Le rythme du piano était inhabituellement lent, et la mélodie, grave et mélancolique, évoquait des pleurs et des lamentations. Je n'ai pu retenir que quelques vers avant d'avoir la poitrine oppressée par du coton rance, et de ne plus pouvoir respirer.
Gu Qingcheng fixait la feuille, ses lèvres bougeaient, sa voix s'élevait peu à peu tandis qu'elle fredonnait une mélodie simple. Puis, l'air étonné, elle demanda : « Feng, c'est le "L'Air de Linfeng Youlan" de Wang Xizhi. As-tu vraiment entendu ce genre de musique ? »
J'ai hoché la tête et j'ai continué à enregistrer fidèlement les notes montantes et descendantes.
Wang Xizhi, grand calligraphe de la dynastie Jin orientale, a créé l'incomparable « Préface au rassemblement du pavillon des orchidées », ainsi que d'autres œuvres célèbres telles que « Guan Nu Tie », « Shi Qi Tie », « Er Xie Tie », « Feng Ju Tie », « Yi Mu Tie », « Kuai Xue Shi Qing Tie », « Yue Yi Lun » et « Huang Ting Jing », qui sont devenues l'un des principaux objets d'imitation pour les amateurs de calligraphie des générations suivantes.
Les lettrés de l'Antiquité appréciaient les quatre arts raffinés du «
qin (cithare à sept cordes), du qi (cithare à sept cordes), du shu (cithare à sept cordes) et du hua (cithare à sept cordes), dont aucun ne pouvait être négligé. C'est pourquoi ses réalisations dans le domaine du qin, du go et de la peinture de fleurs, d'oiseaux, de poissons et d'insectes sont également très louées par les historiens.
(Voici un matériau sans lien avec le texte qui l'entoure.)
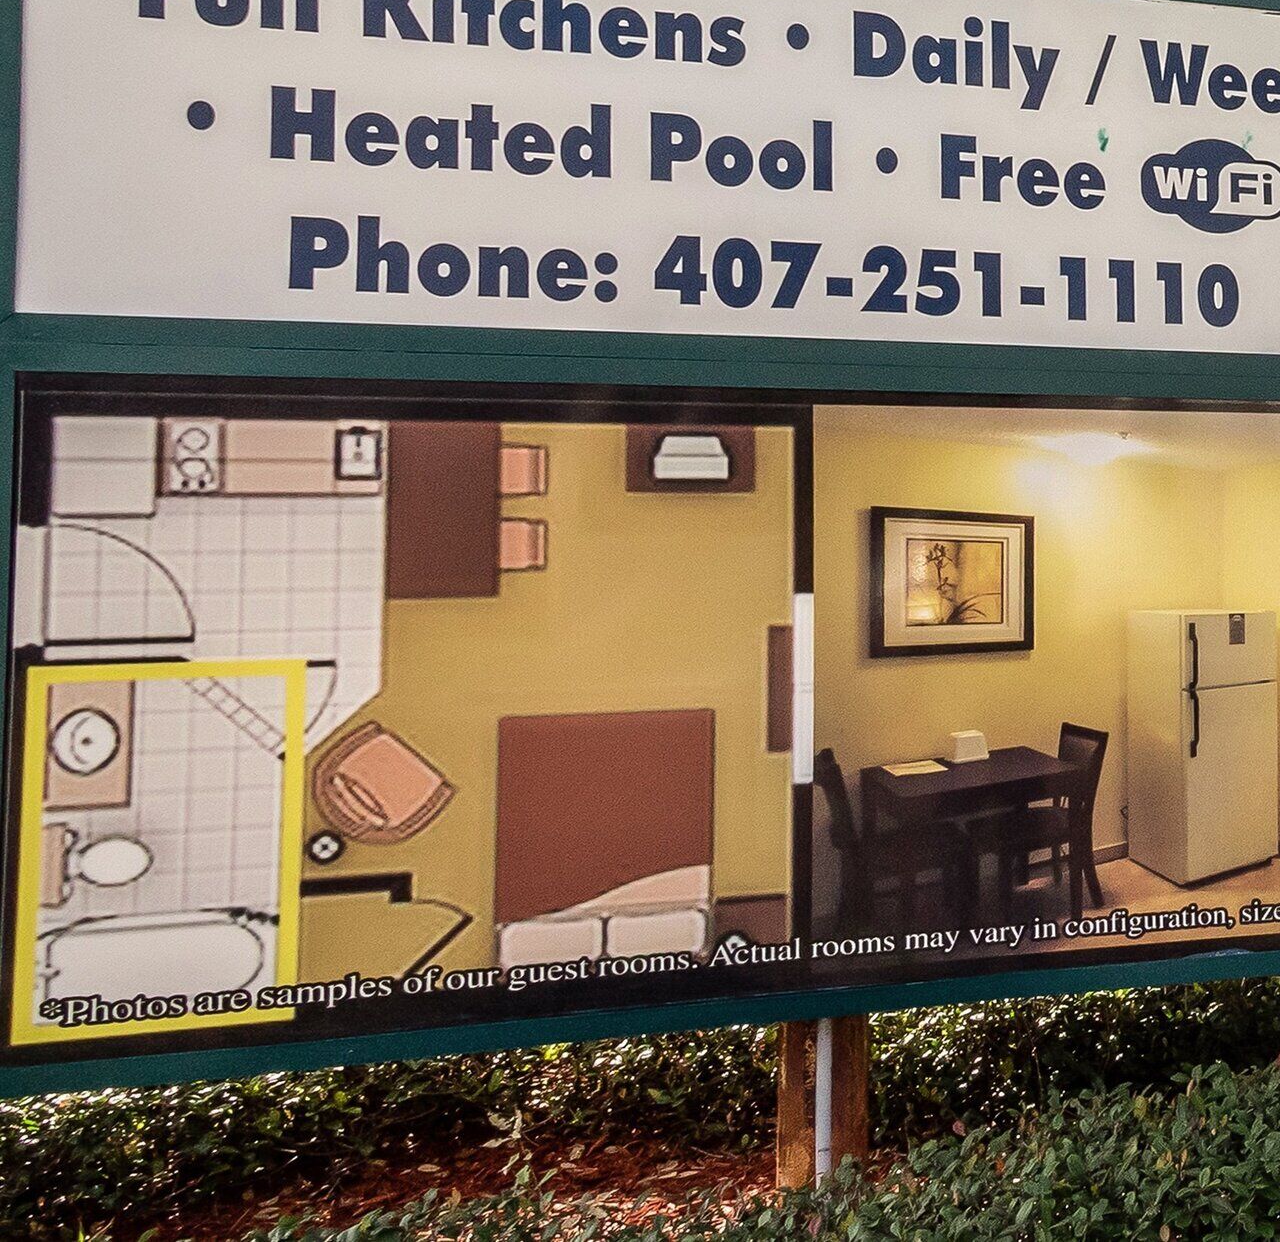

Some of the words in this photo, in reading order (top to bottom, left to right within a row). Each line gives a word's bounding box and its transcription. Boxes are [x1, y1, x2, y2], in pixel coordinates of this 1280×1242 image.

Pourquoi joue-t-on ici son célèbre morceau
? Qui le joue dans le tunnel, exprimant ainsi ses sentiments
? Serait-ce la sorcière impitoyable et insaisissable, Longo
? À la fin du morceau, mes mains, occupées à prendre des notes, commencèrent à me faire mal.
Gu Qingcheng se pencha difficilement par la fenêtre de la voiture, observant le tunnel : « Peut-être sommes-nous confrontés à trop d'inconnues, à tel point que nous ne pouvons rien reconstituer avec ces fragments limités, n'est-ce pas ? »
Je me posais une autre question, essayant de discerner la source de la musique en plus de l'écouter attentivement.
Si la musique pouvait jouer indéfiniment, pourrions-nous utiliser notre ouïe exceptionnelle pour en suivre la direction et pénétrer dans le tunnel
? Le lieu d’où provient la musique pourrait-il être le bout du tunnel
? Cette idée est audacieuse, voire téméraire, car nous ignorons pour l’instant quand la musique commence et quand elle s’arrêtera. Si nous nous retrouvons piégés à mi-chemin, nous pourrions périr à jamais dans cette étrange formation rocheuse.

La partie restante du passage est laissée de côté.